The Eritreans are black skinned but they have delicate facial features which are close to the western canons of beauty. They are definitely a handsome people.
Asmara's large Lady of the Rosary Catholic Cathedral and monastery was built by the Italians in 1922 right in the middle of town on the street now called Liberation Avenue.
The city's largest Mosque, called Jamia al Kulafae, was not far but more discreetly located.
Via Gonnar with the Kidane Mehret Cathedral at the other end. The cross street leads to the central market as full of colours noises and odours as any self respecting market should be.

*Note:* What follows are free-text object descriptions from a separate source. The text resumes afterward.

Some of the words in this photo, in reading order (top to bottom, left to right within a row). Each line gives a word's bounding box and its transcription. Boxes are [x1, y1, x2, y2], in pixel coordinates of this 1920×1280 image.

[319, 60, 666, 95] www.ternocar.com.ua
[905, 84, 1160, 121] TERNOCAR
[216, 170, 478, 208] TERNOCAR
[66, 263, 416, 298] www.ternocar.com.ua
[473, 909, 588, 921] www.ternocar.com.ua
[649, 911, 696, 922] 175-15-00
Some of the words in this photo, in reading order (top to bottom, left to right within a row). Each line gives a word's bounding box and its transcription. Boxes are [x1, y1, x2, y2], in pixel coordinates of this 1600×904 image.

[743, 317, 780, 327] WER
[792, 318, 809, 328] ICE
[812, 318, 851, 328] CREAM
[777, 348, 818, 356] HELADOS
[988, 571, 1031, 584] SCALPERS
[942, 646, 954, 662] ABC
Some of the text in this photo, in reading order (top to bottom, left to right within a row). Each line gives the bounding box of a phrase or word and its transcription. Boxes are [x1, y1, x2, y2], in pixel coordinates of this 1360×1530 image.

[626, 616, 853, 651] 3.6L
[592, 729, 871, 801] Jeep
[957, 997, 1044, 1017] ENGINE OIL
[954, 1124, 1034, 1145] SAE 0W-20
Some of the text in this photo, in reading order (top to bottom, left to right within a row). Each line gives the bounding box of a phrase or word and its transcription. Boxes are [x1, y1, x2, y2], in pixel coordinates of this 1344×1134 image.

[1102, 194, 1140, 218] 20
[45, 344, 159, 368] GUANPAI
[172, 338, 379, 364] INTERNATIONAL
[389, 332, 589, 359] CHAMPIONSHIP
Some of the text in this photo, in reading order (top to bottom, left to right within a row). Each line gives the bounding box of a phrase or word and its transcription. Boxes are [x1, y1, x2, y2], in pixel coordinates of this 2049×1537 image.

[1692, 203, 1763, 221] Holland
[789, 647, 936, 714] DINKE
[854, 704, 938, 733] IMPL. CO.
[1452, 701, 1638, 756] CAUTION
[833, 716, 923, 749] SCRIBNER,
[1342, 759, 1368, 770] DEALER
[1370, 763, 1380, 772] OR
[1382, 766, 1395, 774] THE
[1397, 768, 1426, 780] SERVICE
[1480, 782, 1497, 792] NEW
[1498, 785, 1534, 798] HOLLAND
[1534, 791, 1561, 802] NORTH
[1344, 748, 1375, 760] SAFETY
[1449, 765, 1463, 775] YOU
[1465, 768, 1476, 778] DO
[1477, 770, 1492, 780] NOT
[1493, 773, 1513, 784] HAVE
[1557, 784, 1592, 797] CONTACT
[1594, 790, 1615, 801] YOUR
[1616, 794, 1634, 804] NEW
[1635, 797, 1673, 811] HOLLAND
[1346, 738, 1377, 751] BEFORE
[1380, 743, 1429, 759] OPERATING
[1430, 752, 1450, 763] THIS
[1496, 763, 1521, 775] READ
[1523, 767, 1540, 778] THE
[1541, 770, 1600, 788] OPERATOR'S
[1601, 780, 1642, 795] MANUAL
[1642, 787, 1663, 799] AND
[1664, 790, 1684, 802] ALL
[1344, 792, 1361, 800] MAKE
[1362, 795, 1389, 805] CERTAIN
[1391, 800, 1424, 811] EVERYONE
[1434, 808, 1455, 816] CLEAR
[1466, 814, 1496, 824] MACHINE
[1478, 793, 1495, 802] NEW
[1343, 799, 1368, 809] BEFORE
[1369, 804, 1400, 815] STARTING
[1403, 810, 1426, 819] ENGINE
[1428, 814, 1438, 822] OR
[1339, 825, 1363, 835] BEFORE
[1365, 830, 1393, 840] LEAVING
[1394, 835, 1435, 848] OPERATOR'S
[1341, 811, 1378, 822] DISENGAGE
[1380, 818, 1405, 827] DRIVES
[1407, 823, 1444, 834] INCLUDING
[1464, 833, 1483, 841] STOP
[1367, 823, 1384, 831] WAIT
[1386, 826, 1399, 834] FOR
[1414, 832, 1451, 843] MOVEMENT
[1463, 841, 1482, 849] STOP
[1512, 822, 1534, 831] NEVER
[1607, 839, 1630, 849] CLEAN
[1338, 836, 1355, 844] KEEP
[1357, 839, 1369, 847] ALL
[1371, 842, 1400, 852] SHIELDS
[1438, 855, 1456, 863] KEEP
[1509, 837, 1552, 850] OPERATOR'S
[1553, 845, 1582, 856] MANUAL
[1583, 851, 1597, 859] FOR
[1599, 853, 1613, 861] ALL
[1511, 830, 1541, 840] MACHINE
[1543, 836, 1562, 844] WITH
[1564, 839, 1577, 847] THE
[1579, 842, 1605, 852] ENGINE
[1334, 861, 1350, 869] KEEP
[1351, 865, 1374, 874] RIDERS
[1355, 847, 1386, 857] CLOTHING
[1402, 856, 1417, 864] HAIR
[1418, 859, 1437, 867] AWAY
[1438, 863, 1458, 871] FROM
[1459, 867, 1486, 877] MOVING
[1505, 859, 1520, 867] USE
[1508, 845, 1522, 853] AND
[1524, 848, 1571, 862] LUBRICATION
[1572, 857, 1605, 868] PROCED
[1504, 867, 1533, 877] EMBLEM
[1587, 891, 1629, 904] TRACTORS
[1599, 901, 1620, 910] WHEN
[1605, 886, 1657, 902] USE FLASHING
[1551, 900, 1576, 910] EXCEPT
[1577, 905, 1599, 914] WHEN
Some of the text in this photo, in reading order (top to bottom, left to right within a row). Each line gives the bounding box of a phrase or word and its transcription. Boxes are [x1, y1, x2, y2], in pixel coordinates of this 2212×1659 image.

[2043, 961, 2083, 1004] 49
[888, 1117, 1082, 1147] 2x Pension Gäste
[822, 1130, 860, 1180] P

Asmara also has some good restaurants serving abyssinian specialties which generally consist of meat served with a very hot Berbera sauce on njera, a kind of pancake that replaces bread. In one of them close to my hotel, I had the pleasure of meeting this young lady, Senait Teame, who was studying to be a doctor like her father. Now you have proof of how attractive the Eritreans can be!
I really enjoyed Asmara, it's one of the places in east Africa that I will gladly visit again if the occasion arises. Finally I had to go and boarded a plane for Sa'ana.